Step 5: Add Positional Encodings
Compute positional encoding for each position using the formula:
pos_enc[i] = [sin(i/10000^0/d_model), cos(i/10000^2/d_model),
sin(i/10000^4/d_model), cos(i/10000^6/d_model), ...]
For d_model = 8, compute for positions 0, 1, 2, and 16:
Position 0 (Patch 0)
pos_enc[0, 0] = sin(0 / 10000^0/8) = sin(0) = 0
pos_enc[0, 1] = cos(0 / 10000^2/8) = cos(0) = 1
pos_enc[0, 2] = sin(0 / 10000^4/8) = sin(0) = 0
pos_enc[0, 3] = cos(0 / 10000^6/8) = cos(0) = 1
pos_enc[0, 4] = sin(0 / 10000^8/8) = sin(0) = 0
pos_enc[0, 5] = cos(0 / 10000^10/8) = cos(0) = 1
pos_enc[0, 6] = sin(0 / 10000^12/8) = sin(0) = 0
pos_enc[0, 7] = cos(0 / 10000^14/8) = cos(0) = 1
pos_enc[0] = [0, 1, 0, 1, 0, 1, 0, 1]
Position 1 (Patch 1)
pos_enc[1, 0] = sin(1 / 10000^0/8) = sin(1) ≈ 0.841
pos_enc[1, 1] = cos(1 / 10000^2/8) = cos(1) ≈ 0.540
pos_enc[1, 2] = sin(1 / 10000^4/8) = sin(1/10000^0.5) = sin(1/100) ≈ 0.010
pos_enc[1, 3] = cos(1 / 10000^6/8) = cos(1/10000^0.75) ≈ 1.0
pos_enc[1, 4] = sin(1 / 10000^8/8) = sin(1/10000) ≈ 0.0001
pos_enc[1, 5] = cos(1 / 10000^10/8) ≈ 1.0
pos_enc[1, 6] = sin(1 / 10000^12/8) ≈ 0
pos_enc[1, 7] = cos(1 / 10000^14/8) ≈ 1.0
pos_enc[1] ≈ [0.841, 0.540, 0.010, 1.0, 0.0001, 1.0, 0, 1.0]

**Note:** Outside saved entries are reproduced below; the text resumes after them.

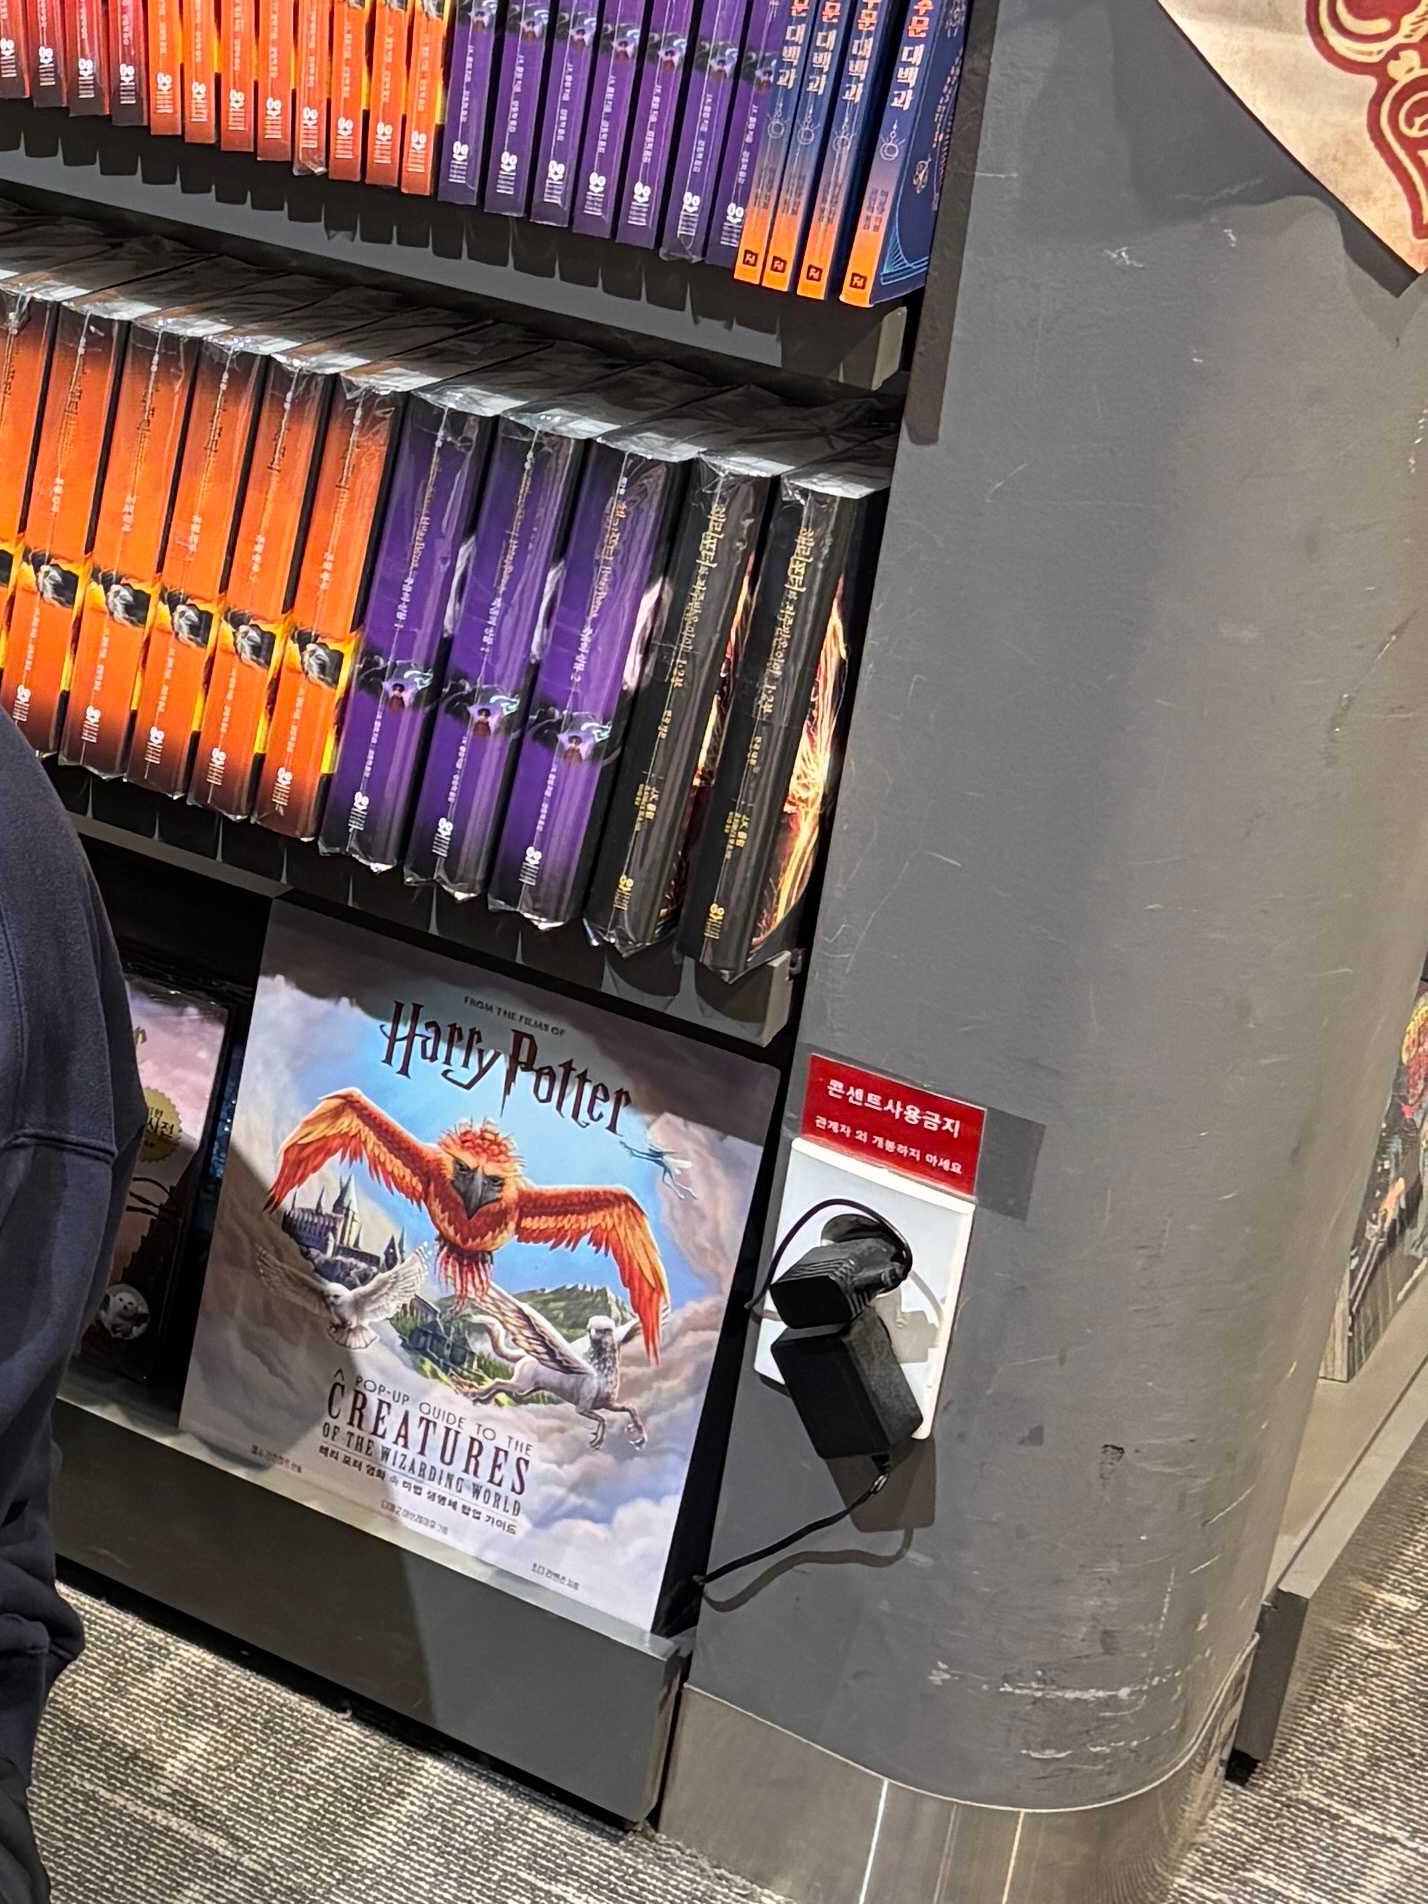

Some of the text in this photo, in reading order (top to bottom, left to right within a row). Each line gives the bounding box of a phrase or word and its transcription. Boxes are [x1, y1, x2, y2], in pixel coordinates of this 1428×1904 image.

[776, 24, 805, 89] 대백과
[805, 30, 836, 96] 대백과
[842, 38, 874, 104] 대백과
[891, 44, 925, 111] 대백과
[464, 996, 566, 1038] FROM THE FILMS OF
[379, 1000, 633, 1137] Harry Potter
[826, 1078, 961, 1138] 콘센트사용금지
[815, 1114, 852, 1139] 관계자
[855, 1128, 868, 1143] 외
[925, 1152, 963, 1176] 마세요
[327, 1382, 530, 1496] CREATURES
[333, 1368, 534, 1456] A POP-UP GUIDE TO THE
[319, 1445, 340, 1462] 해리
[343, 1455, 364, 1473] 포터
[366, 1463, 386, 1481] 영화
[402, 1480, 423, 1498] 마법
[426, 1488, 459, 1512] 생명체
[461, 1503, 482, 1522] 팝업
[484, 1513, 518, 1536] 가이드
[322, 1421, 340, 1441] OF
[346, 1431, 374, 1456] THE
[380, 1446, 464, 1493] WIZARDING
[472, 1482, 522, 1518] WORLD
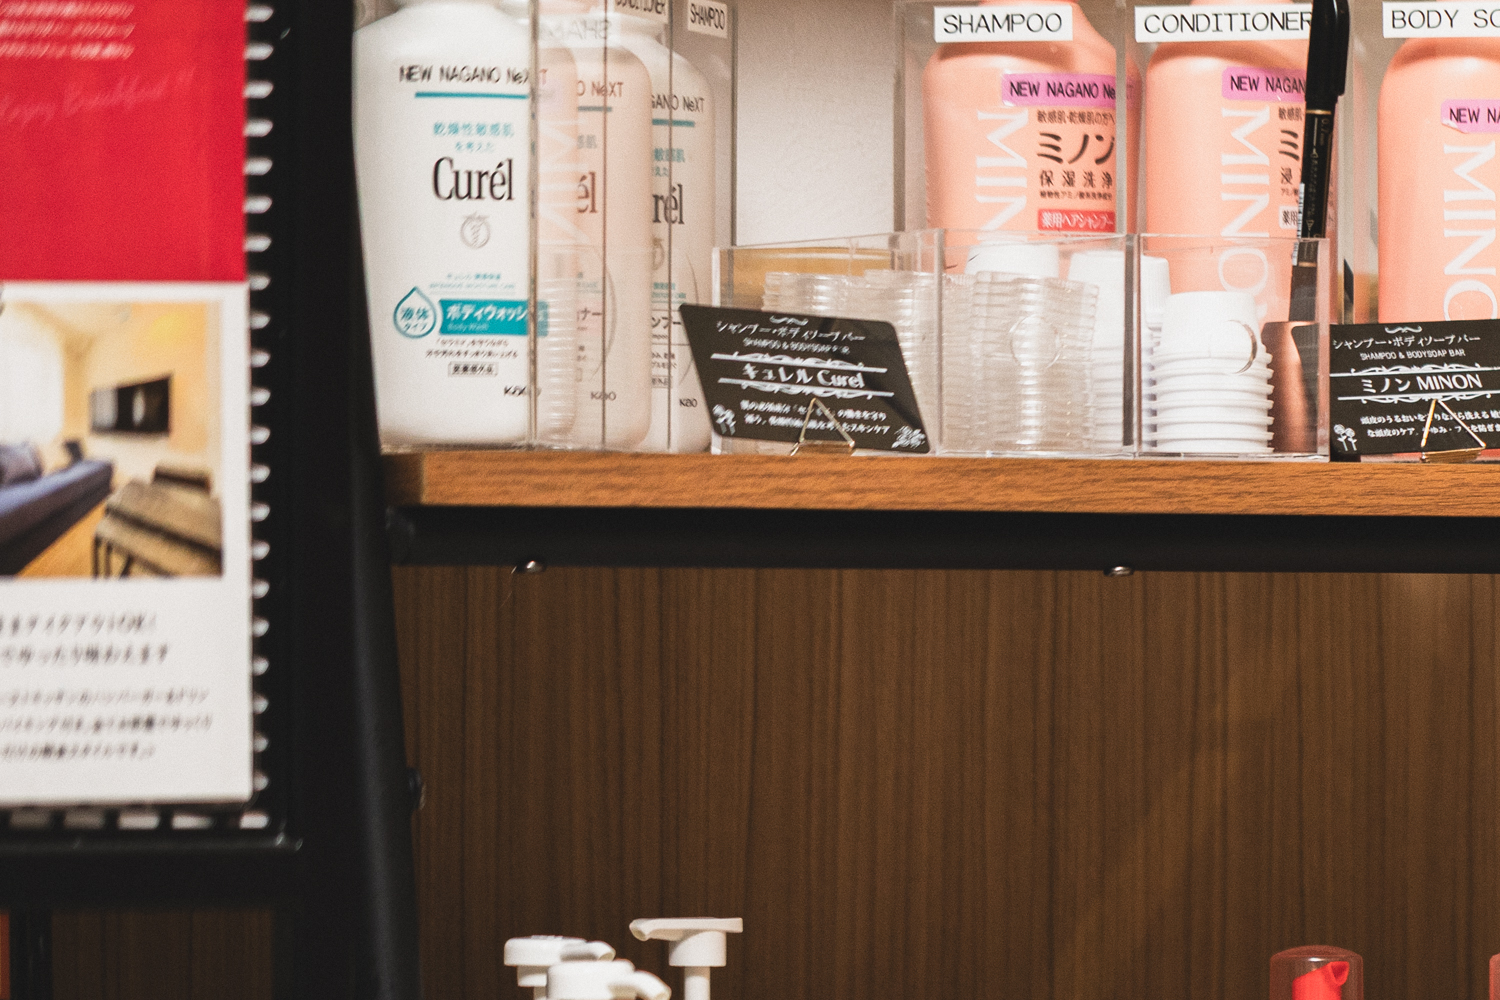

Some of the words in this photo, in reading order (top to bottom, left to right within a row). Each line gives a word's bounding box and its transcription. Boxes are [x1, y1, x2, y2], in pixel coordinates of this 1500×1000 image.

[942, 13, 1063, 34] SHAMPOO
[1144, 12, 1311, 34] CONDITIONER
[1391, 9, 1458, 29] BODY
[399, 65, 433, 82] NEW
[439, 65, 502, 83] NAGANO
[1010, 81, 1041, 97] NEW
[1046, 82, 1099, 99] NAGANO
[1230, 76, 1260, 92] NEW
[1266, 77, 1306, 94] NAGAN
[652, 94, 680, 111] GANO
[1450, 108, 1480, 125] NEW
[1036, 131, 1116, 165] ミノン
[431, 156, 515, 201] Curél
[1360, 351, 1397, 361] SHAMPOO
[1449, 348, 1466, 358] BAR
[742, 363, 814, 385] キュレル
[817, 369, 866, 389] Curel
[1361, 376, 1411, 394] ミノン
[1416, 373, 1484, 391] MINON

Position 16 (Text Token “A”, after all image patches)
pos_enc[16, 0] = sin(16 / 1) = sin(16) ≈ -0.288
pos_enc[16, 1] = cos(16 / 1) ≈ -0.958
pos_enc[16, 2] = sin(16 / 100) ≈ 0.159
pos_enc[16, 3] = cos(16 / 100) ≈ 0.987
pos_enc[16, 4] = sin(16 / 10000) ≈ 0.0016
pos_enc[16, 5] = cos(16 / 10000) ≈ 1.0
pos_enc[16, 6] = sin(16 / 100000000) ≈ 0
pos_enc[16, 7] = cos(16 / 100000000) ≈ 1.0
pos_enc[16] ≈ [-0.288, -0.958, 0.159, 0.987, 0.0016, 1.0, 0, 1.0]

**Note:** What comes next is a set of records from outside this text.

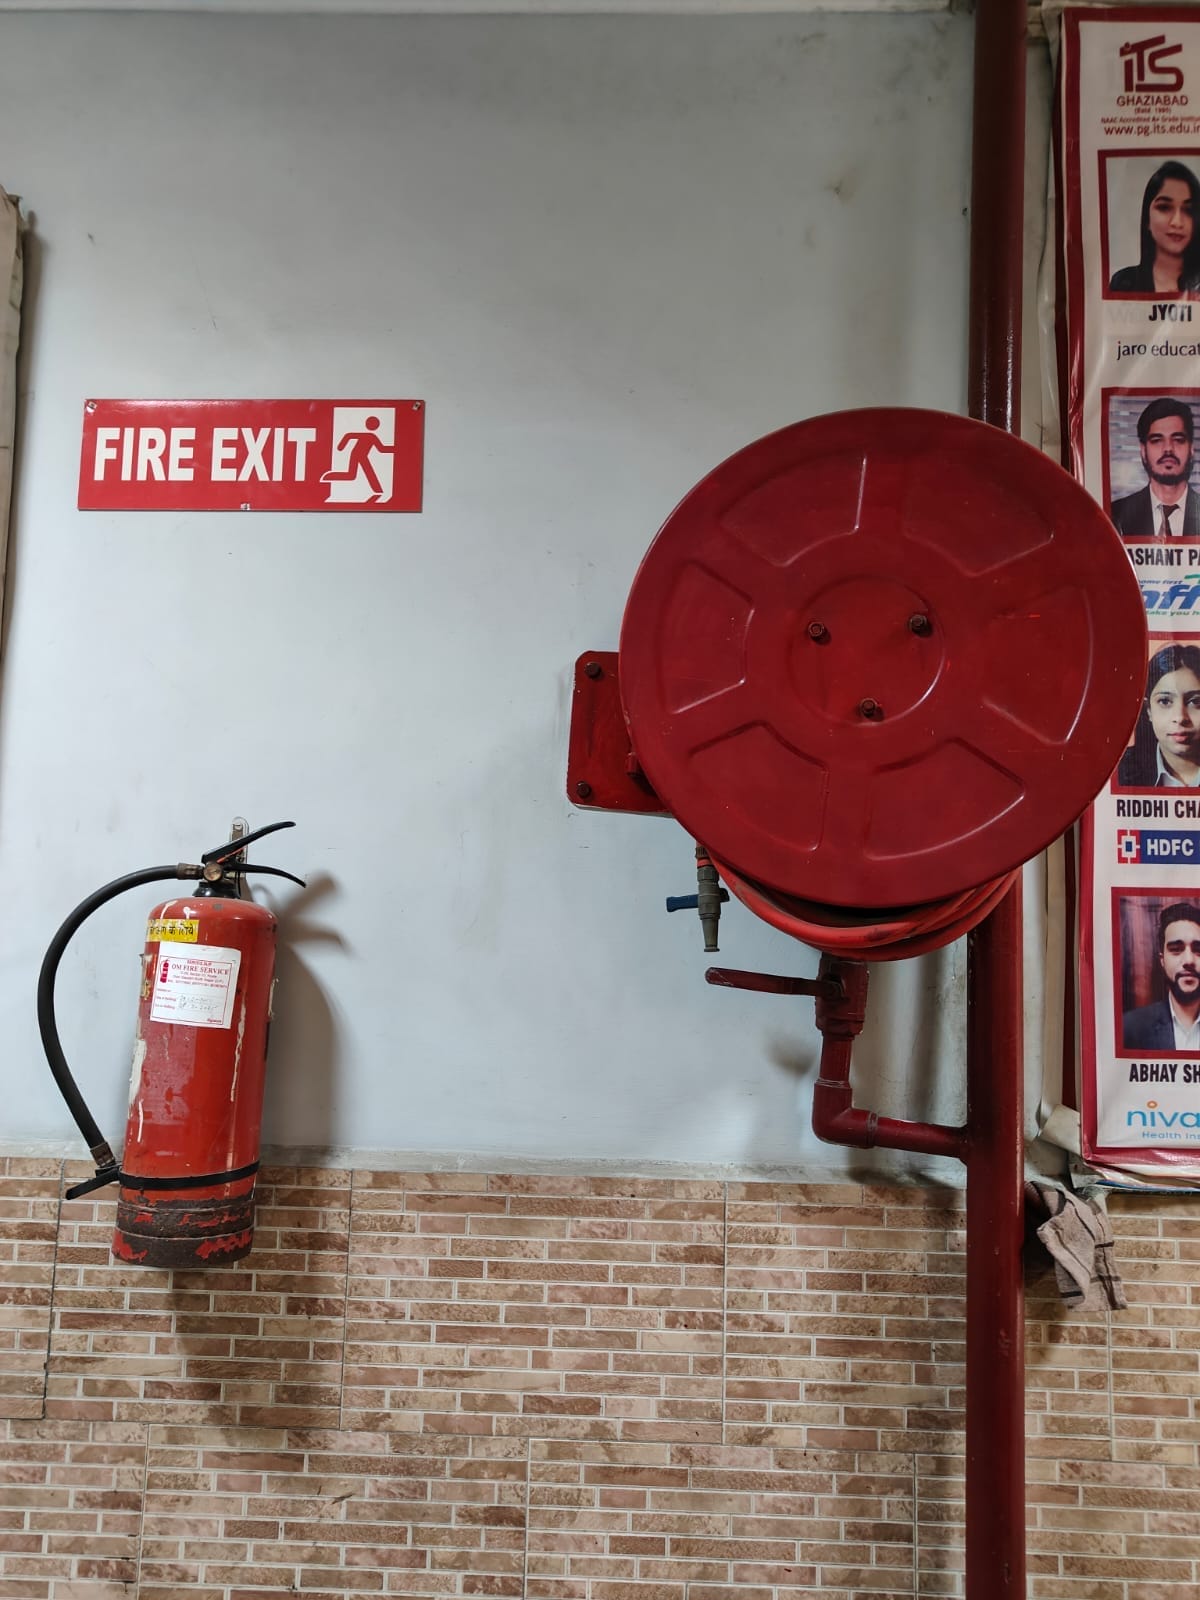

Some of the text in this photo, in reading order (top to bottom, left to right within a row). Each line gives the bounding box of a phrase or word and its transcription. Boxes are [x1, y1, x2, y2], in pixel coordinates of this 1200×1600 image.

[1116, 95, 1189, 106] GHAZIABAD
[1148, 303, 1192, 322] JYOTI
[1116, 340, 1147, 361] jaro
[93, 427, 317, 482] FIRE EXIT
[1116, 799, 1168, 818] RIDDHI
[1146, 838, 1194, 856] HDFC
[183, 964, 199, 972] FIRE
[200, 966, 229, 976] SERVICE
[1129, 1063, 1178, 1082] ABHAY
[1142, 1131, 1181, 1139] Health

Key insight: Positions far apart (0 vs 16) have very different positional encodings, so the Transformer knows the text token comes after all the image patches.
Step 6: Add Positional Encodings to Token Embeddings
X_pos = X + pos_enc
X_pos[0] = [0.5, -0.2, 0.8, 0.1, -0.3, 0.6, 0.2, 0.4]

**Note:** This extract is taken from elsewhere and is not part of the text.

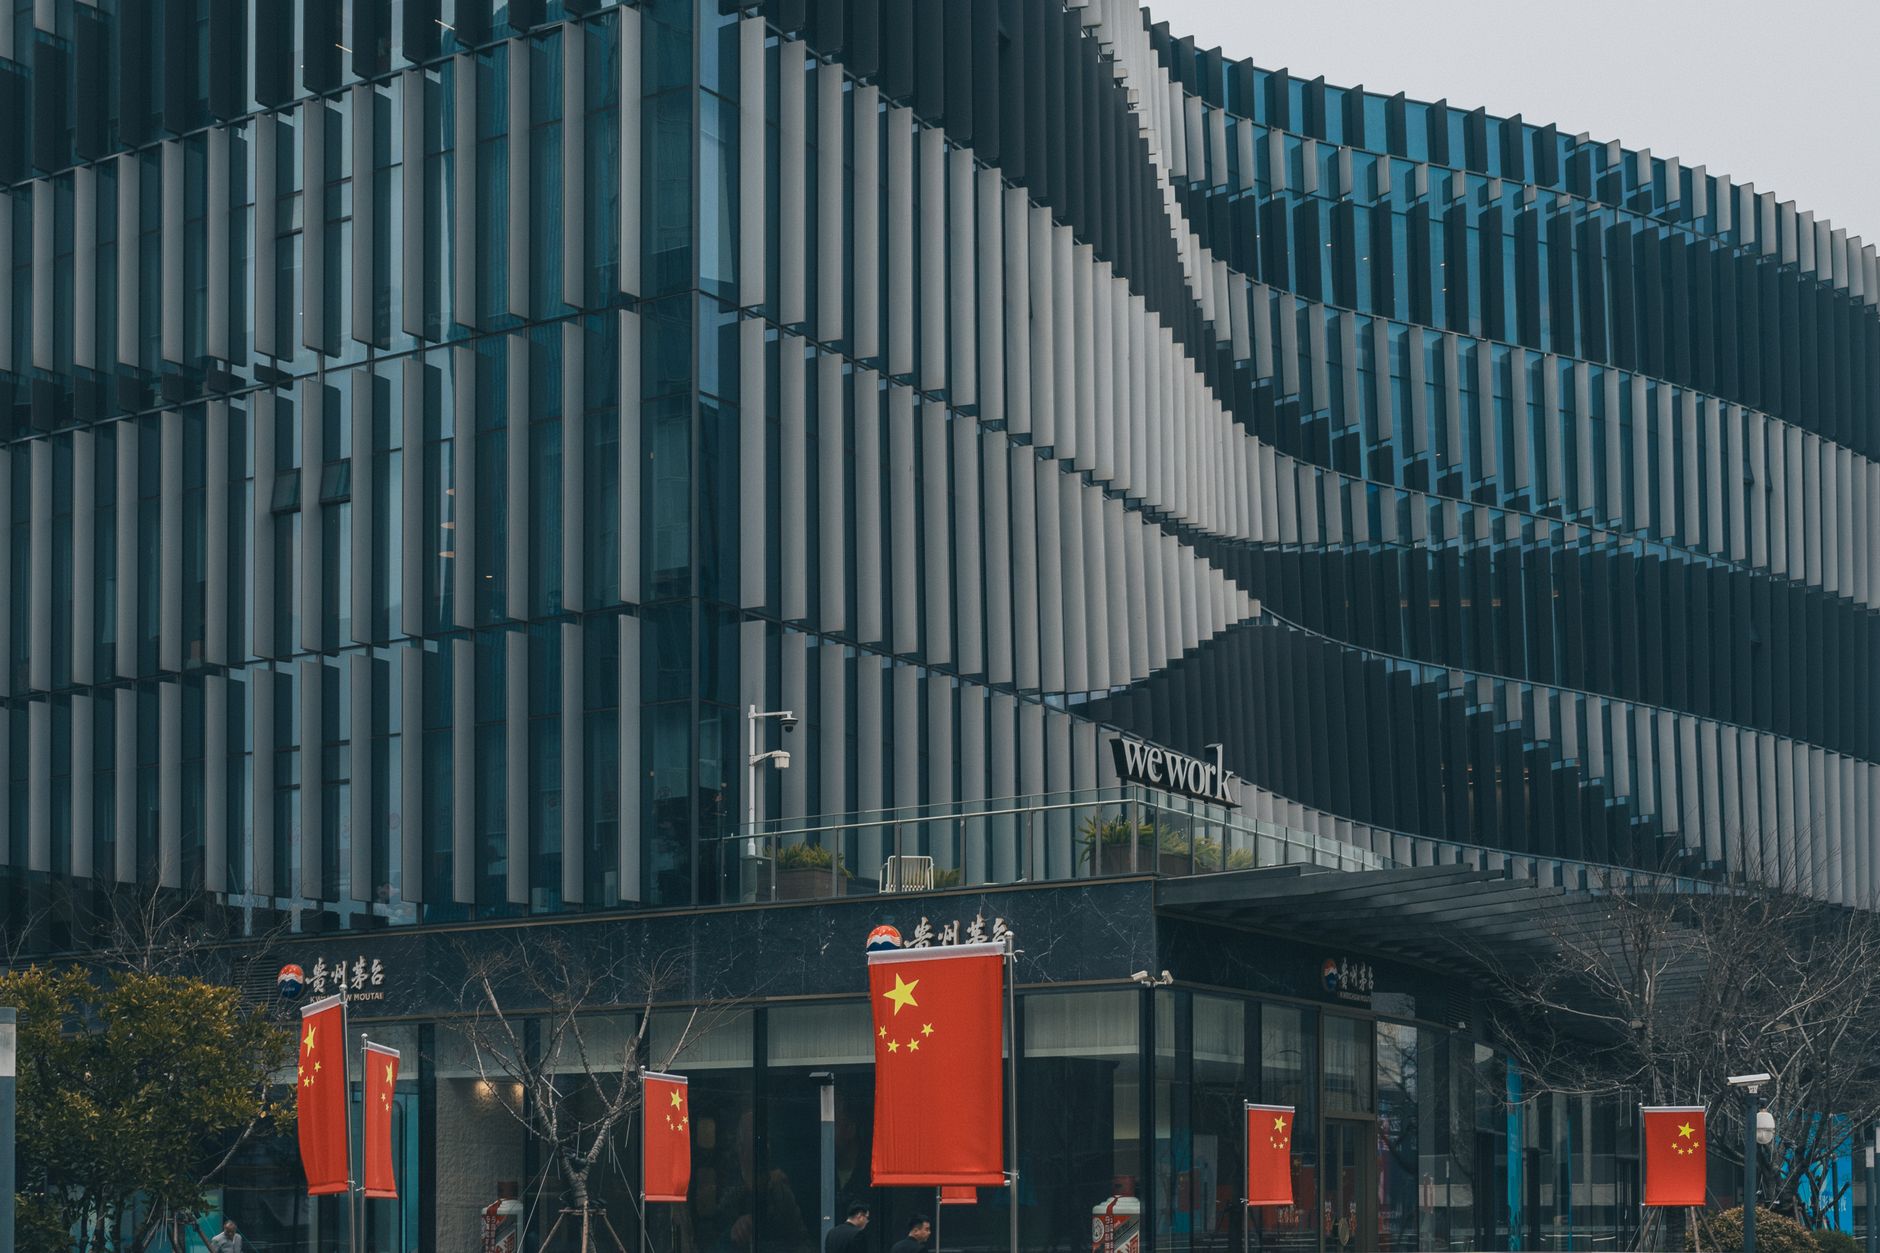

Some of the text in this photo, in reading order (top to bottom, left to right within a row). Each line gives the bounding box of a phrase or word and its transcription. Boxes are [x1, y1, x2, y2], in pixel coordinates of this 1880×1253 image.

[305, 955, 385, 993] 贵州茅台
[354, 992, 384, 1001] MOUTAI

+ [0, 1, 0, 1, 0, 1, 0, 1]
= [0.5, 0.8, 0.8, 1.1, -0.3, 1.6, 0.2, 1.4]
X_pos[1] = [0.2, 0.9, -0.1, 0.7, 0.3, -0.2, 0.5, 0.1]
+ [0.841, 0.540, 0.010, 1.0, 0.0001, 1.0, 0, 1.0]
= [1.041, 1.440, -0.090, 1.7, 0.3001, 0.8, 0.5, 1.1]
X_pos[16] = [0.3, 0.1, -0.2, 0.5, 0.6, -0.1, 0.2, 0.8]
+ [-0.288, -0.958, 0.159, 0.987, 0.0016, 1.0, 0, 1.0]
= [0.012, -0.858, -0.041, 1.487, 0.6016, 0.9, 0.2, 1.8]
Final shape: (18, 8)
Step 7: Feed Into Transformer
Now X_pos (18 tokens, 8 dimensions each) is fed into the Transformer stack:
X_pos (18 × 8)
↓
Multi-head attention (18 tokens attend to each other)
├─ Patches 0-15 attend to each other (spatial relationships in image)
├─ Patches 0-15 attend to tokens 16-17 (image understanding text context)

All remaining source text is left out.